For reporting on social issues, politics, and other topics with more room for opinion, when we see a media outlet saying something that doesn’t match our sensibilities, the only thing we have to fall back on is perception and preference. We cannot, in the absence of other information, hypothesize that the reason a particular choice was made was because of a hard requirement. This is why you end up with headlines proclaiming “The Queen of Rage” and get the response that occurred. In this case we have a very politicized (She is a politician after all…) topic that would raise hackles somewhere no matter how it was handled. Newsweek, I am sure, knew this and tried to capitalize on it by making a sensationalist story that very effectively garnered them a large amount of free publicity and, I am equally sure, a jump in their weekly circulation.

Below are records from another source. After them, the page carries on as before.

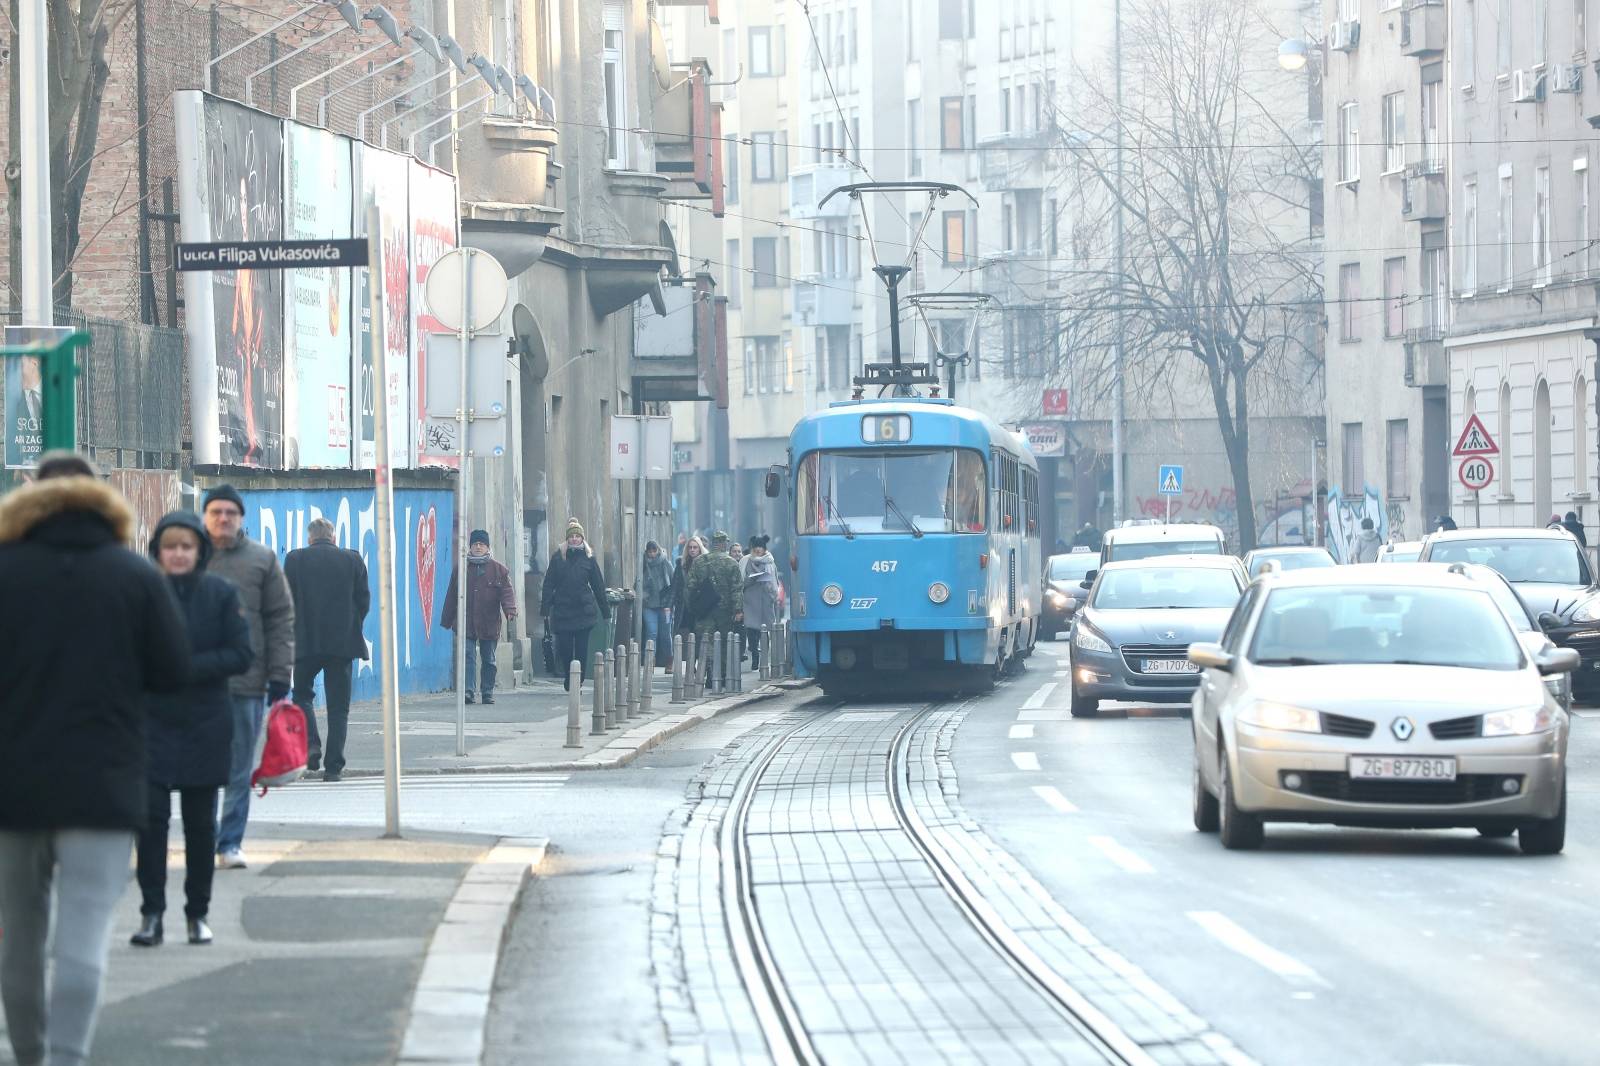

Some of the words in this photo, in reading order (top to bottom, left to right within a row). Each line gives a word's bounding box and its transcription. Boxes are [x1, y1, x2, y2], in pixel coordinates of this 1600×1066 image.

[183, 250, 216, 262] ULICA
[218, 247, 257, 265] Filipa
[259, 243, 341, 262] Vukasovića
[880, 418, 894, 439] 6
[1466, 464, 1486, 481] 40
[871, 560, 898, 573] 467
[850, 597, 878, 610] ZET
[1148, 660, 1160, 671] ZG
[1363, 760, 1382, 777] ZG

Is that bias or just capitalism in full swing? I don’t think that you can effectively argue anything other than it is simply our markets working the way our core capitalist ideology says they should. It allows all ideas to be heard in relative proportion to the people who adhere to those ideas, and by accurately reflecting our society through the unfiltered lens of the free market, it gives us a better understanding about who we are as a country and what we believe. It is not bias. It is a reflection of our society.

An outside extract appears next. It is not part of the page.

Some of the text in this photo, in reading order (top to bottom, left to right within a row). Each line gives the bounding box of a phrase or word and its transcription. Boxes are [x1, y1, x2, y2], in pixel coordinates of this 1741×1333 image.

There is one area, however, where blatantly spinning an article to suit your audience is neither beneficial to your consumer nor to society as a whole. This is when ideology overrides reality. It used to be that the mass media was very concerned with getting the facts right, but as both heavily liberal and heavily conservative media outlets have expanded there has been a growth in inaccurate and indefensibly partisan reporting. Whether it is MSNBC with its smaller footprint or Fox with its much larger one, the amount of spin, selective editing, and outright falsehoods that appear in these media outlets today has greatly increased. Neither side is innocent of this, but I would be dishonest myself if I didn’t say that I think that Fox is by far the biggest committer of this type of bastardized ‘reporting’. That, I believe, goes back to Mr. Murdoch and his undying commitment to winning in the market as opposed to behaving in an ethically sound manner, so it has nothing to do with politics – just the person at the top of the heap of that particular pile – Remember, this is also the guy who gave the go-ahead to The Simpsons and many other “liberal” programs.

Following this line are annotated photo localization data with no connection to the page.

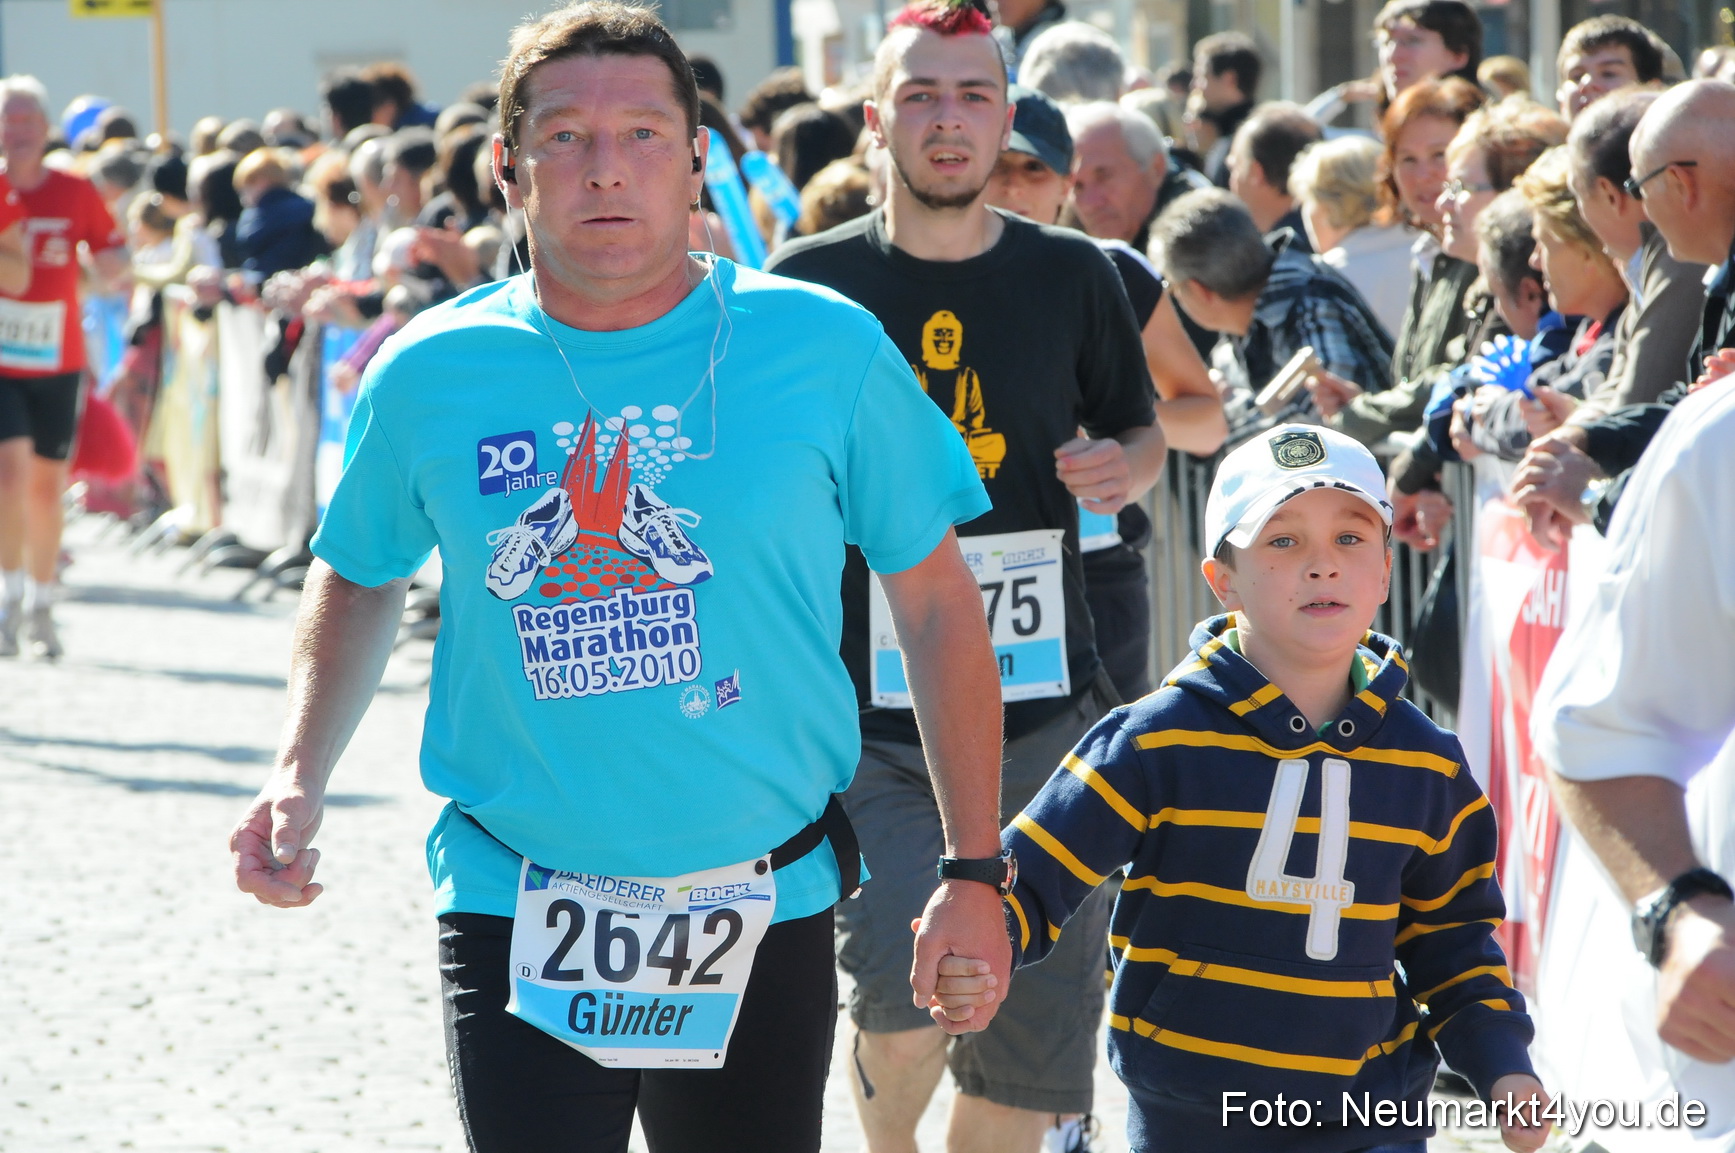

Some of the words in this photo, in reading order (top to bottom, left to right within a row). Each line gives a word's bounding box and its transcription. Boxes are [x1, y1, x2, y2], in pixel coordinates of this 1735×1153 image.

[480, 440, 535, 480] 20
[504, 470, 558, 497] jahre
[517, 593, 690, 634] Regensburg
[524, 620, 694, 663] Marathon
[530, 649, 697, 695] 16.05.2010
[1246, 758, 1355, 961] 4
[551, 881, 663, 911] AKTIENGESELLSCHAFT
[689, 883, 751, 902] BOCK
[1256, 879, 1349, 901] HAYSVILLE
[541, 898, 743, 986] 2642
[522, 965, 531, 978] D
[568, 992, 693, 1036] Günter

In any case, falsehoods and misunderstandings are what a healthy news organization should be designed to rid society of, not burden society with, and to have major players in our media ecosystem foster ill will and misguided decisions while nurturing incorrect understanding about our world should not be tolerated by anyone, whether or not they agree with the message being sent. I’ve said before and will continue to say it until the day I die: Facts matter. In this case, the fact is that there is no “liberal” bias or any other bias other than a market bias. Someone needs to explain this to the folks over at Fox right away — at least this falsehood can be corrected rather quickly.